Editorial: Redrawing central Africa

THE march of Laurent Kabila and his spirited rebel army through the jungles of Zaire is less a war story than a tale of disintegration. If he had transport, Kabila would be in Kinshasa already, if there were roads. The difficult part only begins when he gets to the capital, when the euphoric crowds that have welcomed the “liberators” to their villages have gone back to the fields.

Zaire is a country in name only. It has a central bank without any money, an exchange rate that is set by diamond merchants and a border that only exists as a line on the map. Mobutu Sese Seko long ago abandoned any pretence of ruling the vast hinterland, but through his malign presence and his now shattered army a national identity was maintained.

That, too, is about to disappear and Kabila could find he has marched into a vacuum, that conquest is easier than control or consolidation.

The map of central Africa is about to be redrawn. Shaba, one of the most glaring cartographic anomalies, has long favoured going it alone. Diamond-rich Kusai has been ruling itself for years, with a minimal connection to Kinshasa.

In Eastern Zaire, the cordon sanitaire that has been drawn to drive the Hutu militia away from Rwanda, and to keep the Lord’s Resistance Army at arm’s length from Uganda, could pull the east into a larger political and economic union with Uganda’s President Yoweri Museveni at its centre.

The Organisation of African Unity, terrified of opening the Pandora’s box of secessionism and ethnic war, has a principled opposition to the redrawing of colonial boundaries, its only exception in 30 years being Eritrea. But the reality on the ground, and the weakness of Kinshasa, might dictate otherwise.

An internationally brokered conference, in which all options are put on the table, could provide for an orderly agreement which would at least give the United Nations something to police.

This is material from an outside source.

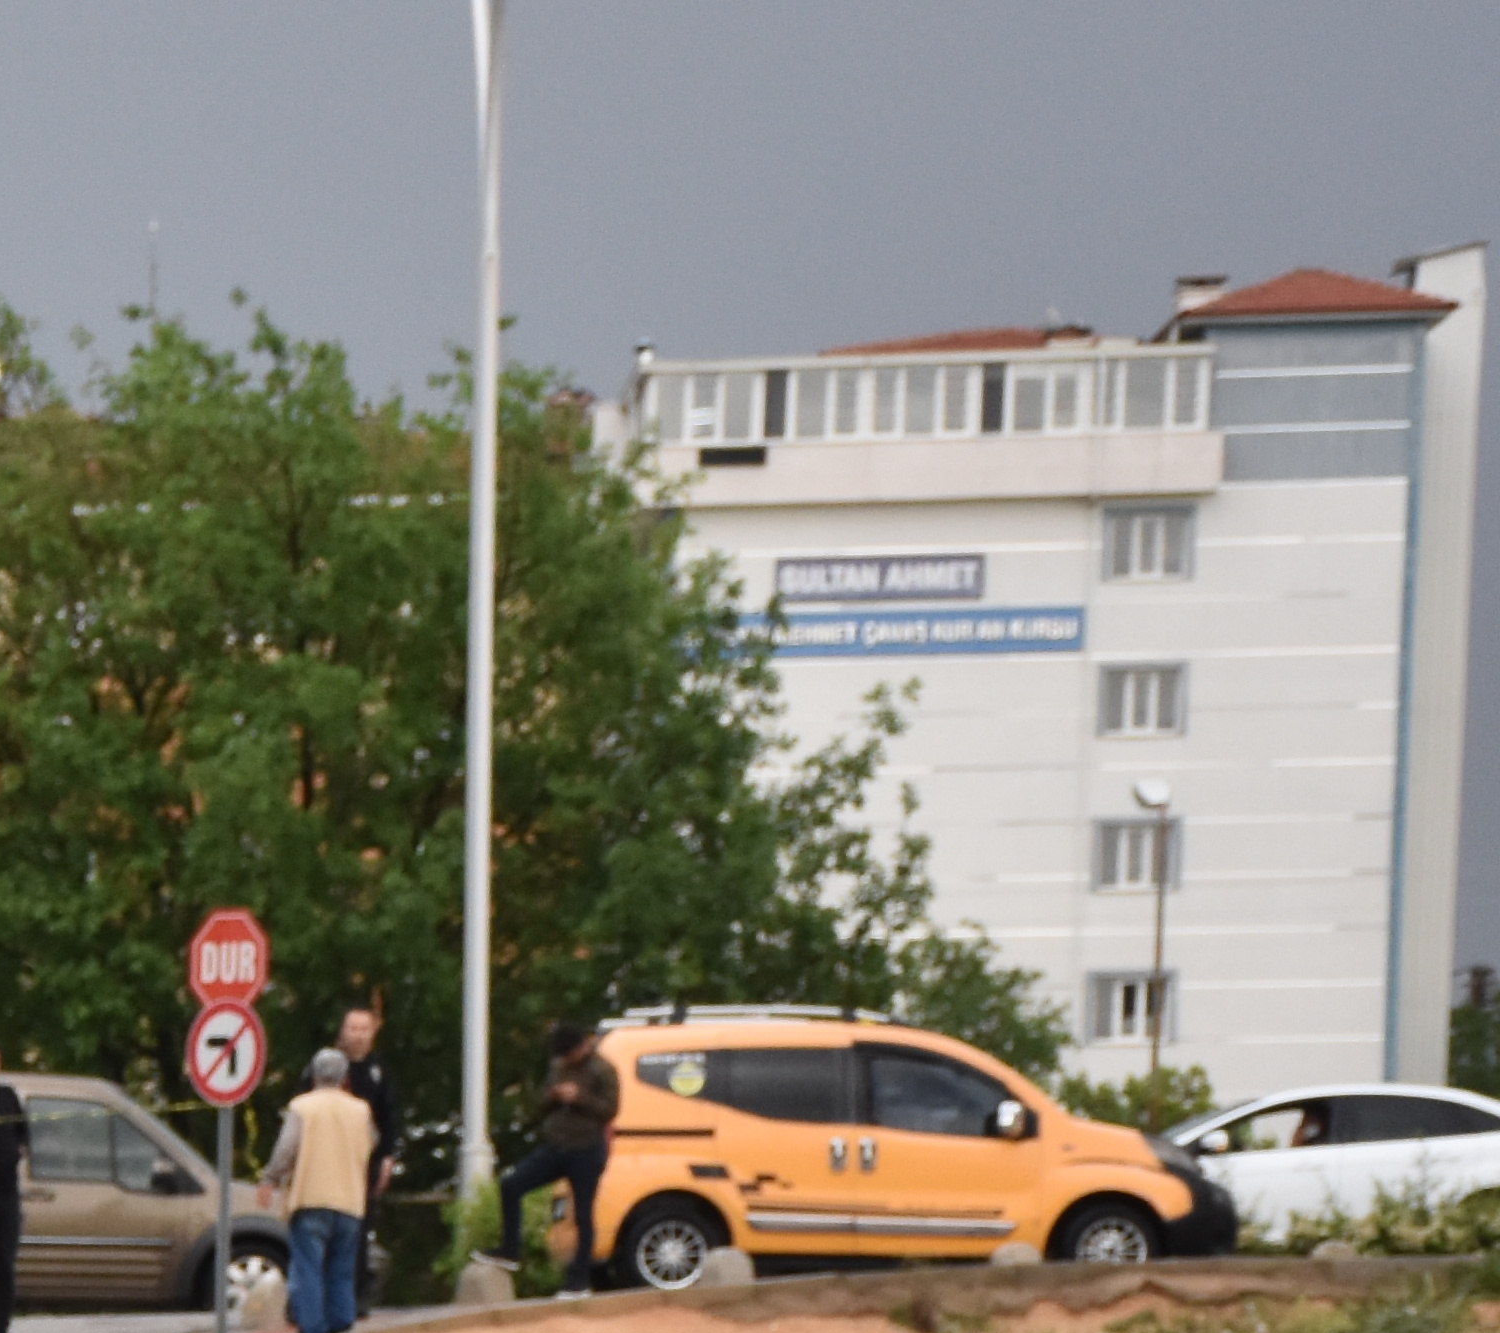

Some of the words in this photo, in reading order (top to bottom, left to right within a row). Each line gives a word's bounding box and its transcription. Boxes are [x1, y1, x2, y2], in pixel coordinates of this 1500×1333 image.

[778, 562, 880, 595] SULTAN
[883, 560, 978, 592] AHMET
[200, 939, 257, 985] DUR
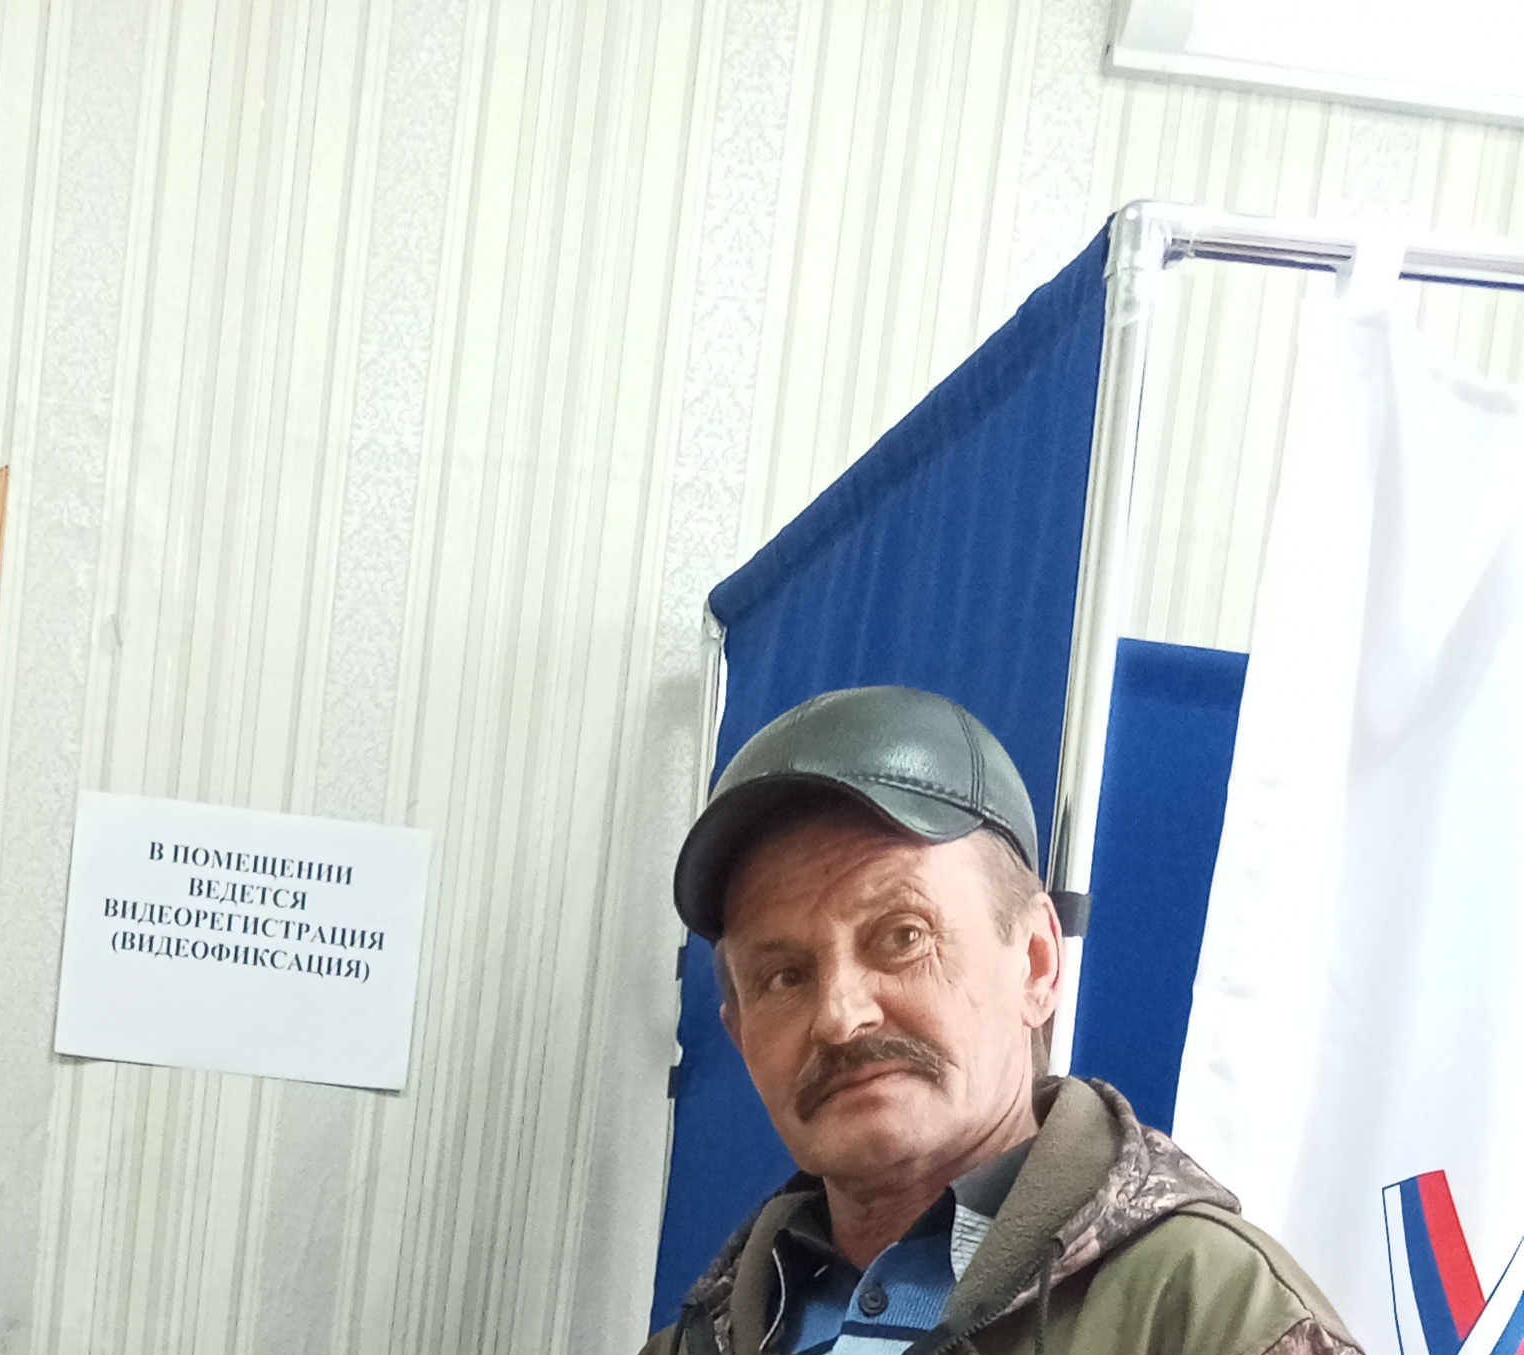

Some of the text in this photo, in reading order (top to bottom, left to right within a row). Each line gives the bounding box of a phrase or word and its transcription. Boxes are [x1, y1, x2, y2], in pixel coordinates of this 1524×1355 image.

There is, of course, the possibility that the peasants of Zaire, for so long used to living without a government, would simply continue their lives as before and not be too bothered about who occupies the palace. But fortune hunters, war lords, demagogues and great powers seldom leave the people to themselves, particularly when there are riches in the ground. When Laurent Kabila gets to Kinshasa, the contest for Zaire will be far from over. It might be just beginning.